*Directions for this task*: Hand back, word for word, the lines from the one containing "Some of the text" to the end of the records, both included, and leave out pictures.

*Information supplied*:

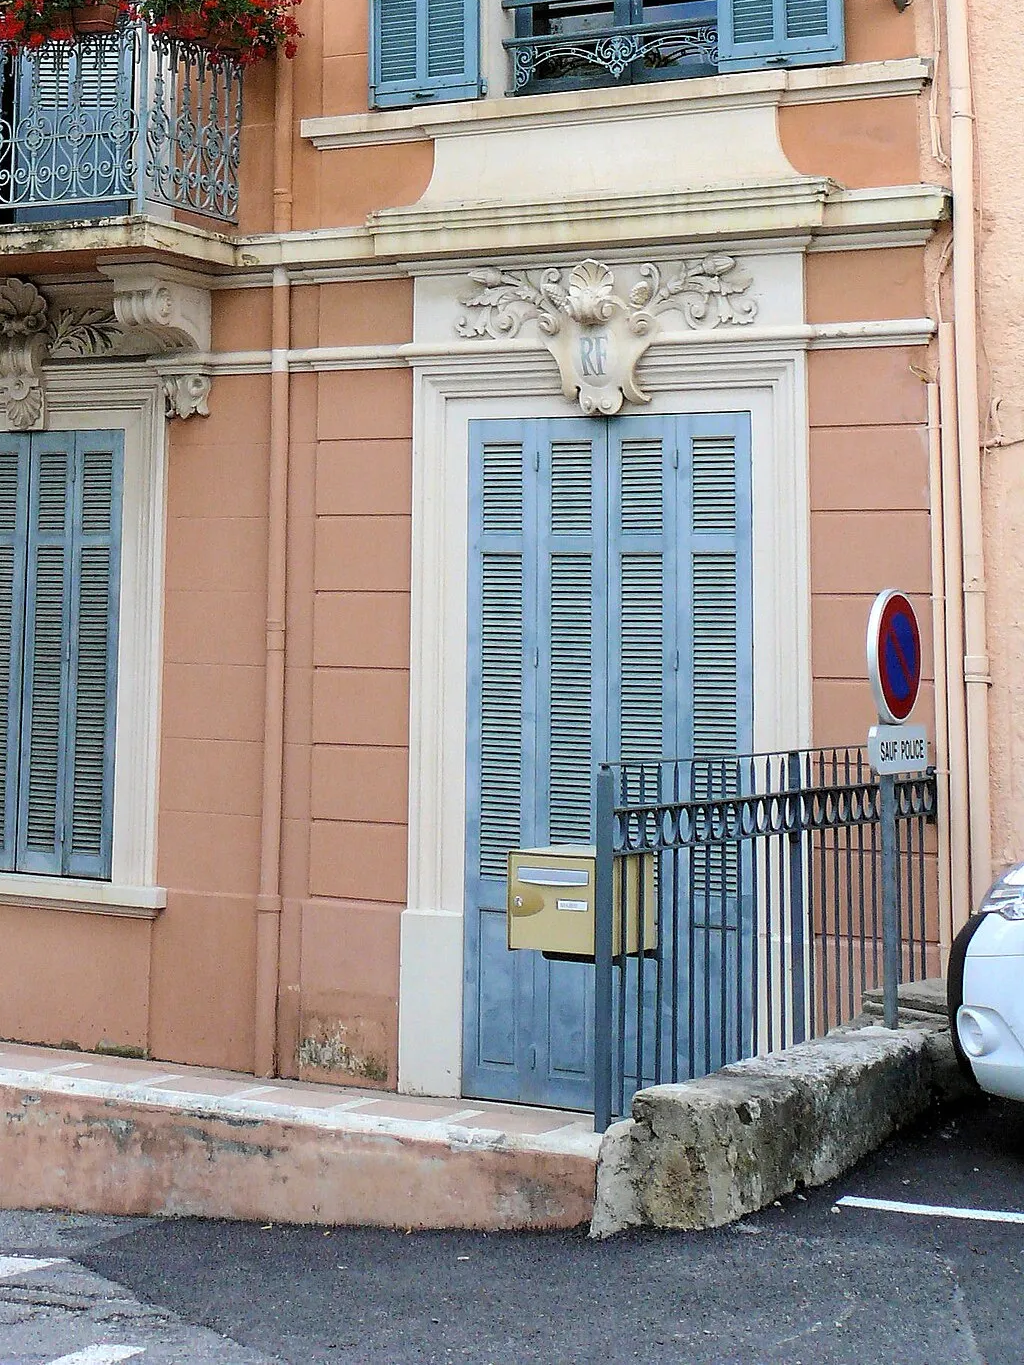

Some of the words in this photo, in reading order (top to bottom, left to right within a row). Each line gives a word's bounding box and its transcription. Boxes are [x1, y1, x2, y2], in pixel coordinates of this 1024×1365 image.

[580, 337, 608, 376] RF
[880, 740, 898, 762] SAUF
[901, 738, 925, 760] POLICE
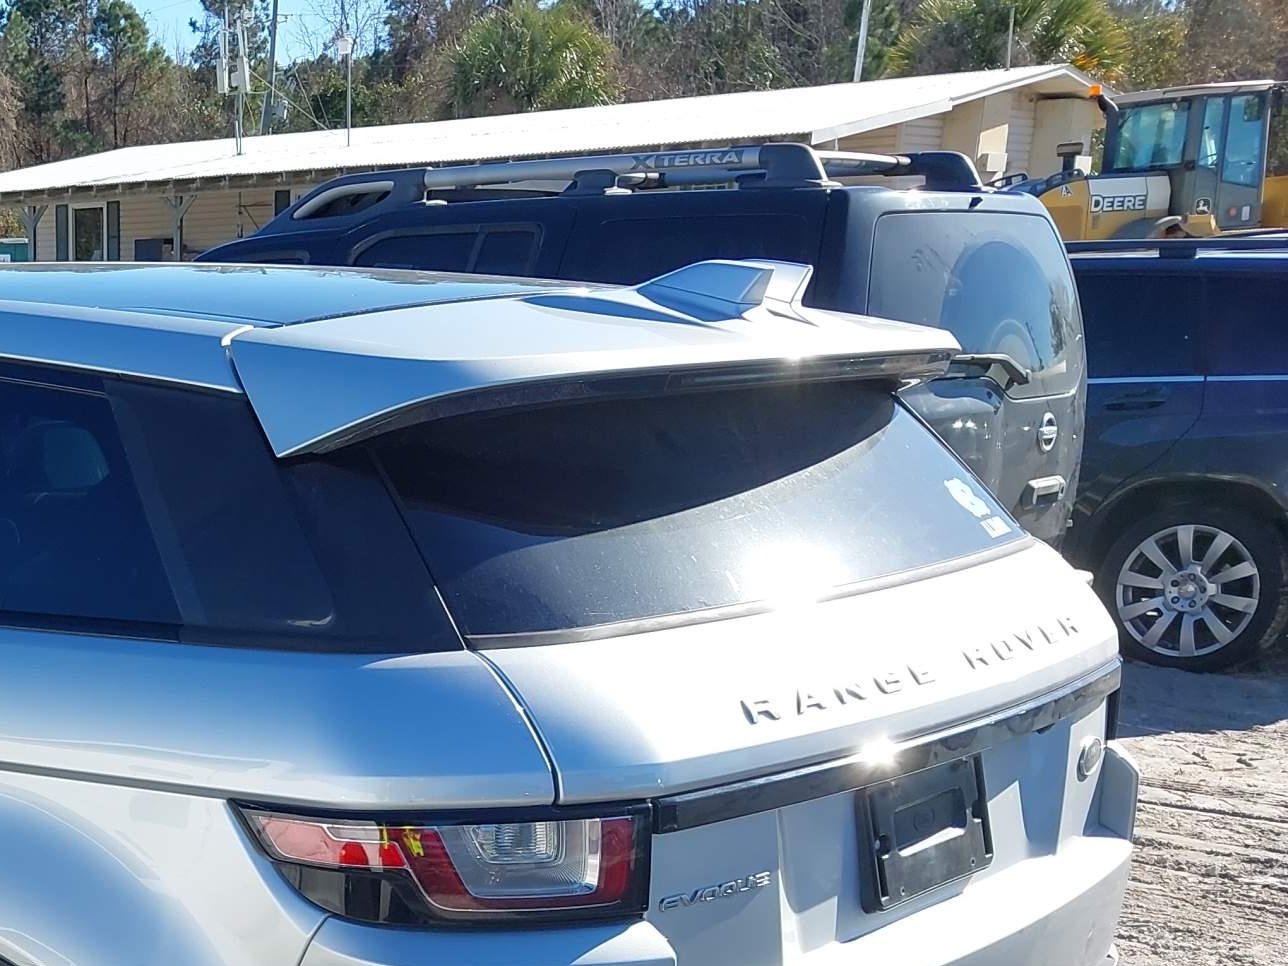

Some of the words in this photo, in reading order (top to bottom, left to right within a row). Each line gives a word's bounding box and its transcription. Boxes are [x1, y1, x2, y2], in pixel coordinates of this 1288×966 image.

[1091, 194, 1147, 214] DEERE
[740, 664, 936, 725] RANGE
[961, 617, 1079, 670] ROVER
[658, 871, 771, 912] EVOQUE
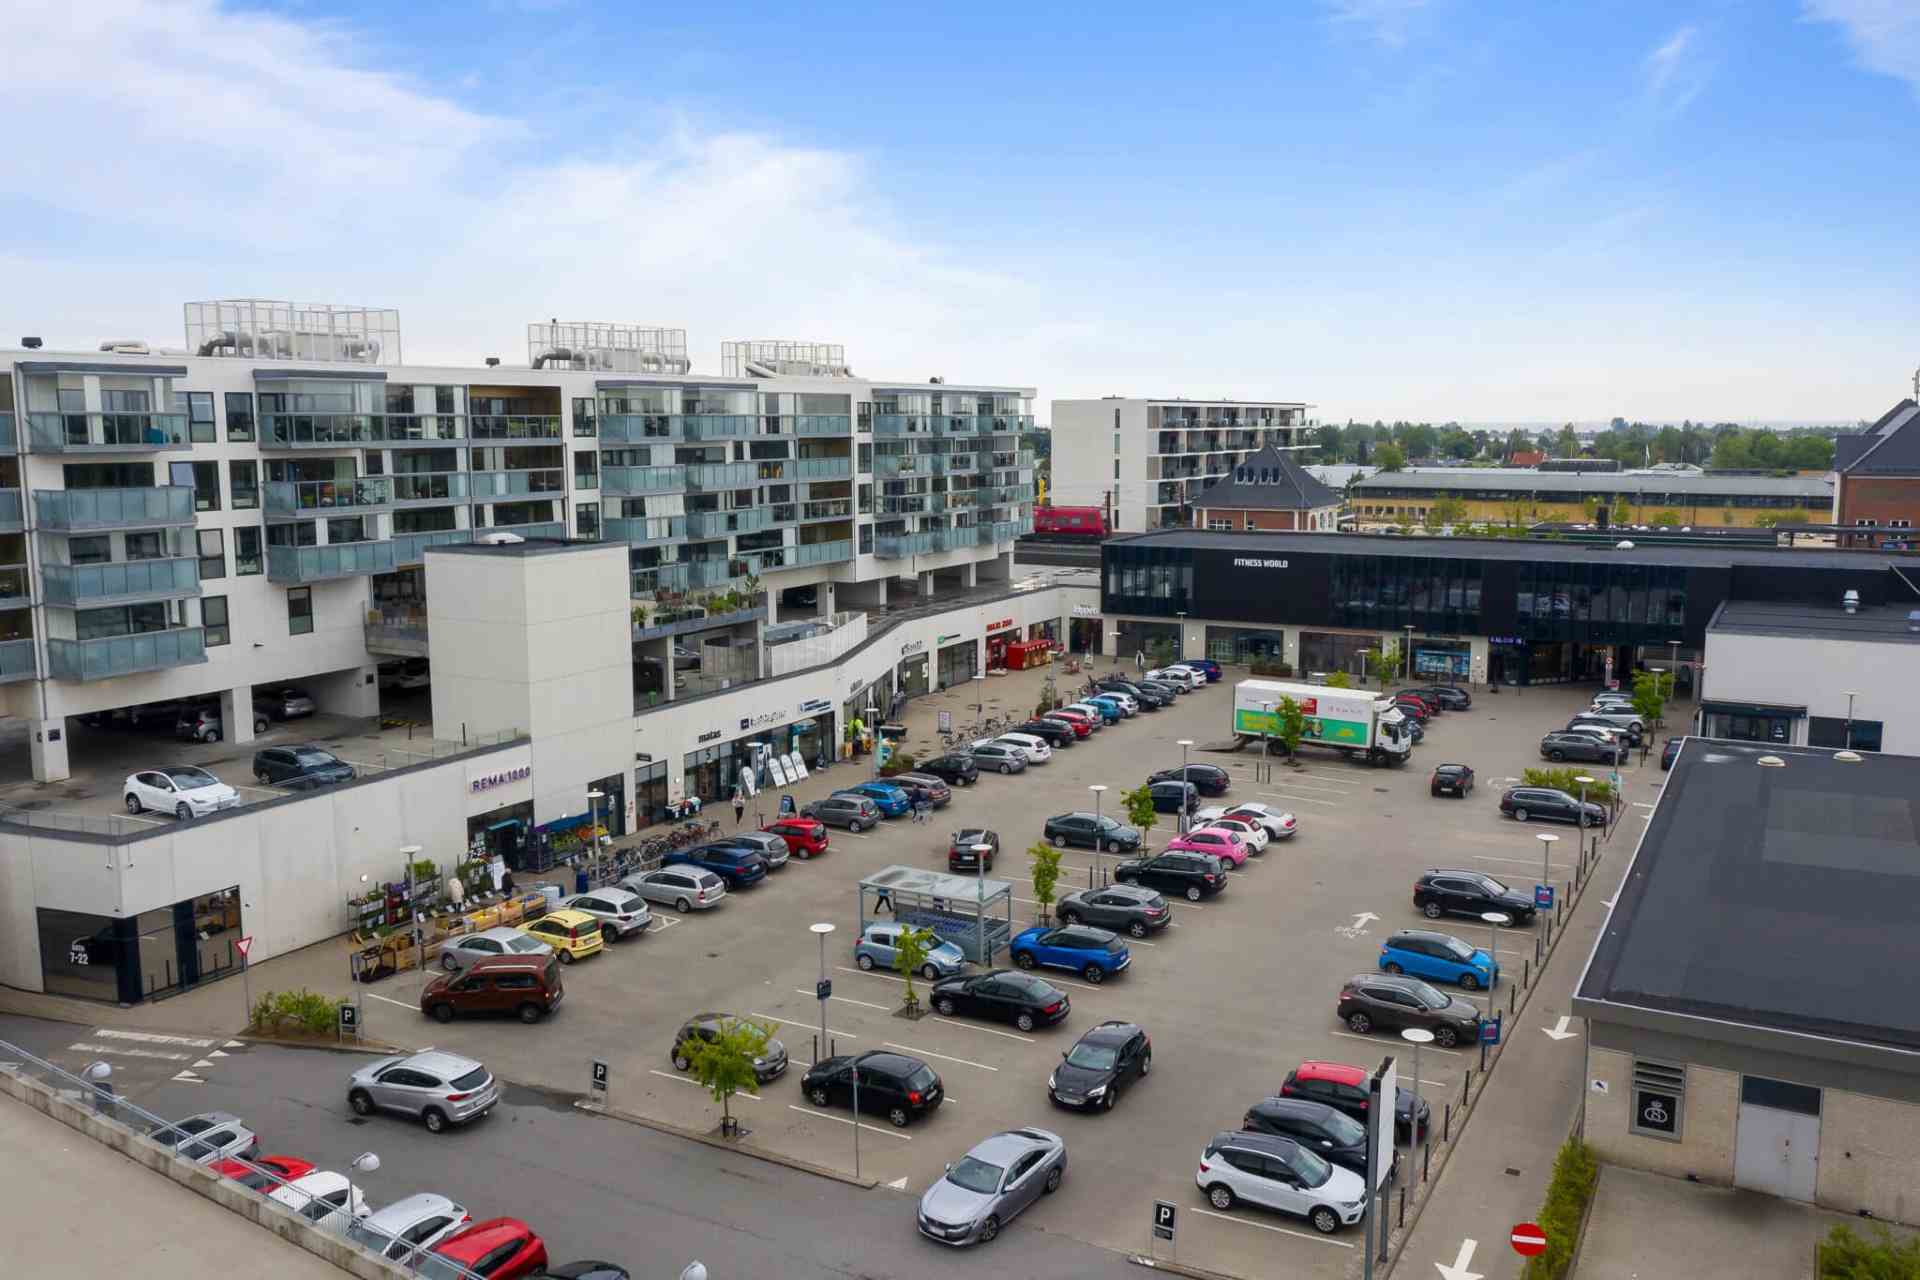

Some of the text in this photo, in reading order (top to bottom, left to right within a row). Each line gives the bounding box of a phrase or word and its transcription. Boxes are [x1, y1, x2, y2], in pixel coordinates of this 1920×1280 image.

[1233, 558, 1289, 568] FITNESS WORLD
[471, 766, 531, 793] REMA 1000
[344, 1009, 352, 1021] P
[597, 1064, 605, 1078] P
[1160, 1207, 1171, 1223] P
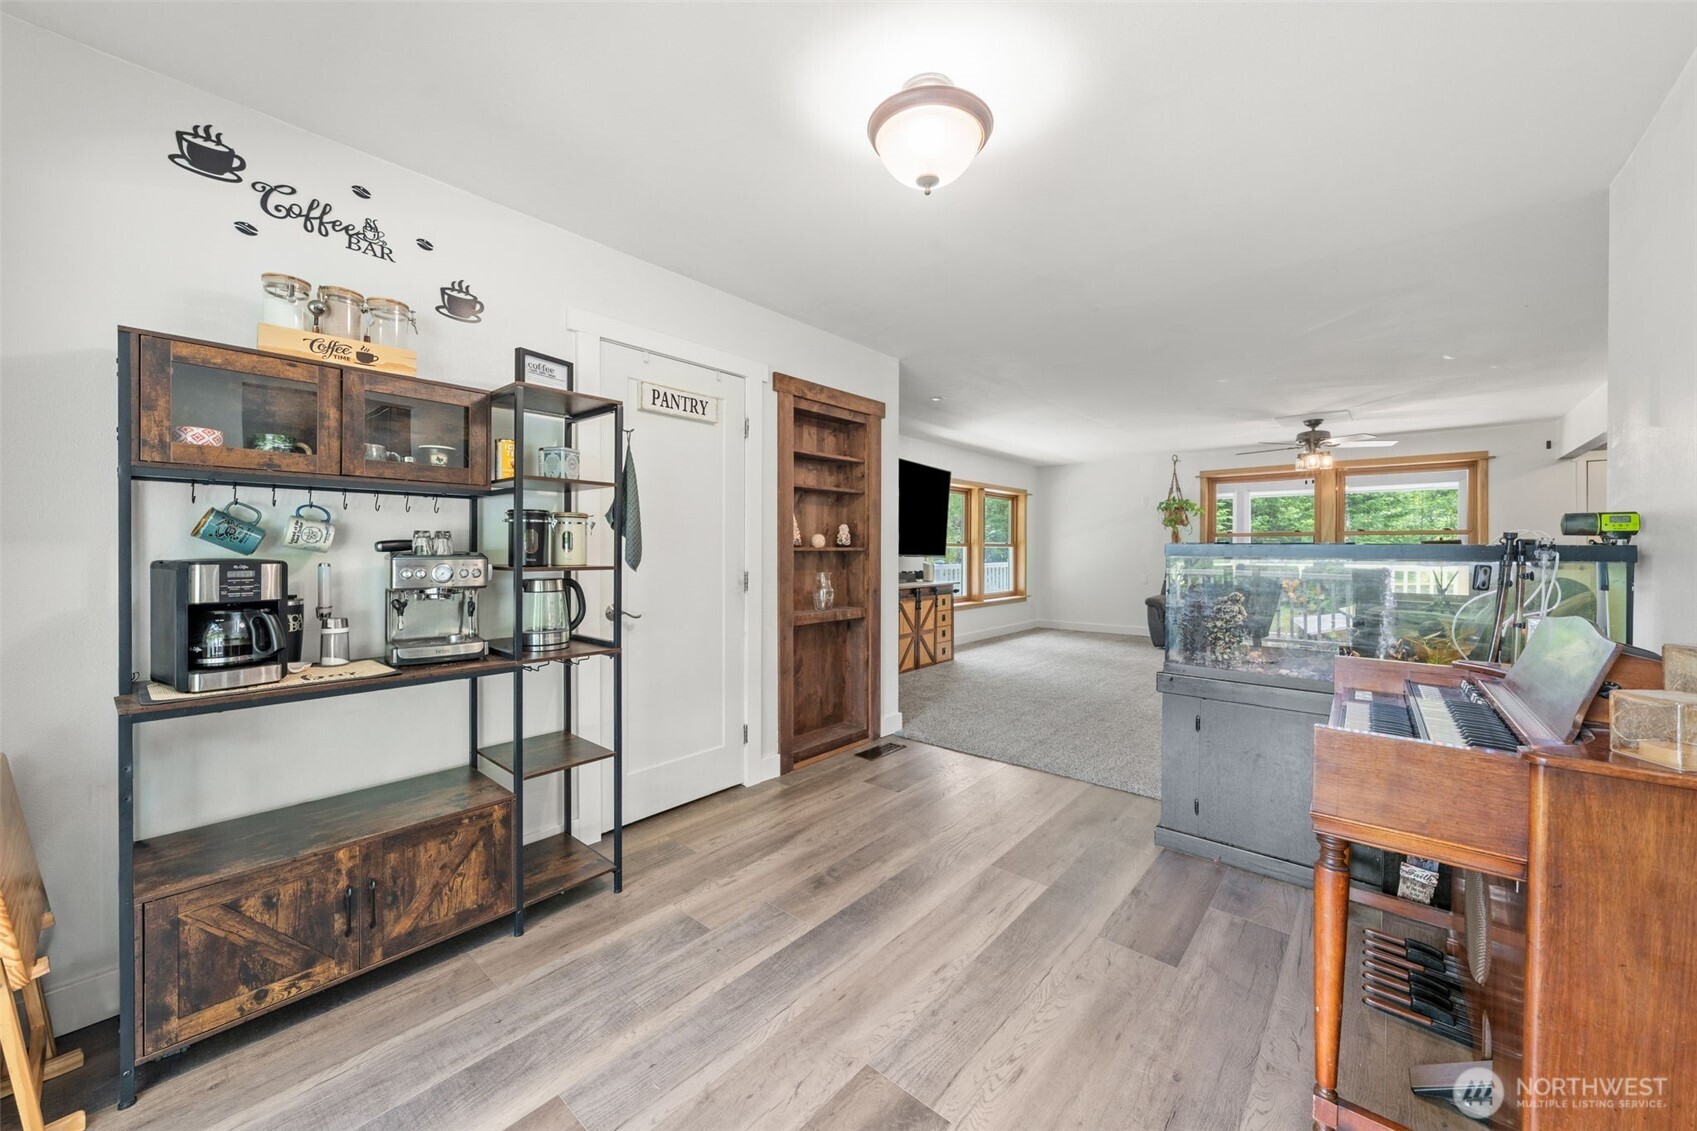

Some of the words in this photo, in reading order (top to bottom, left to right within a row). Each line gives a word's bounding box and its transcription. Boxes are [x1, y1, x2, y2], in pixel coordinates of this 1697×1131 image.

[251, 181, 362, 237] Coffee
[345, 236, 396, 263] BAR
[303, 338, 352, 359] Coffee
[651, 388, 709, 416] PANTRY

*The completed task*:
Some of the text in this photo, in reading order (top to bottom, left to right within a row). Each line gives the bounding box of a phrase or word and its transcription. Boxes are [x1, y1, x2, y2], in pixel coordinates of this 1920×1280 image.

[1233, 558, 1289, 568] FITNESS WORLD
[471, 766, 531, 793] REMA 1000
[344, 1009, 352, 1021] P
[597, 1064, 605, 1078] P
[1160, 1207, 1171, 1223] P

Some of the words in this photo, in reading order (top to bottom, left to right within a row). Each line gives a word's bounding box and its transcription. Boxes are [x1, y1, x2, y2], in pixel coordinates of this 1697×1131 image.

[251, 181, 362, 237] Coffee
[345, 236, 396, 263] BAR
[303, 338, 352, 359] Coffee
[651, 388, 709, 416] PANTRY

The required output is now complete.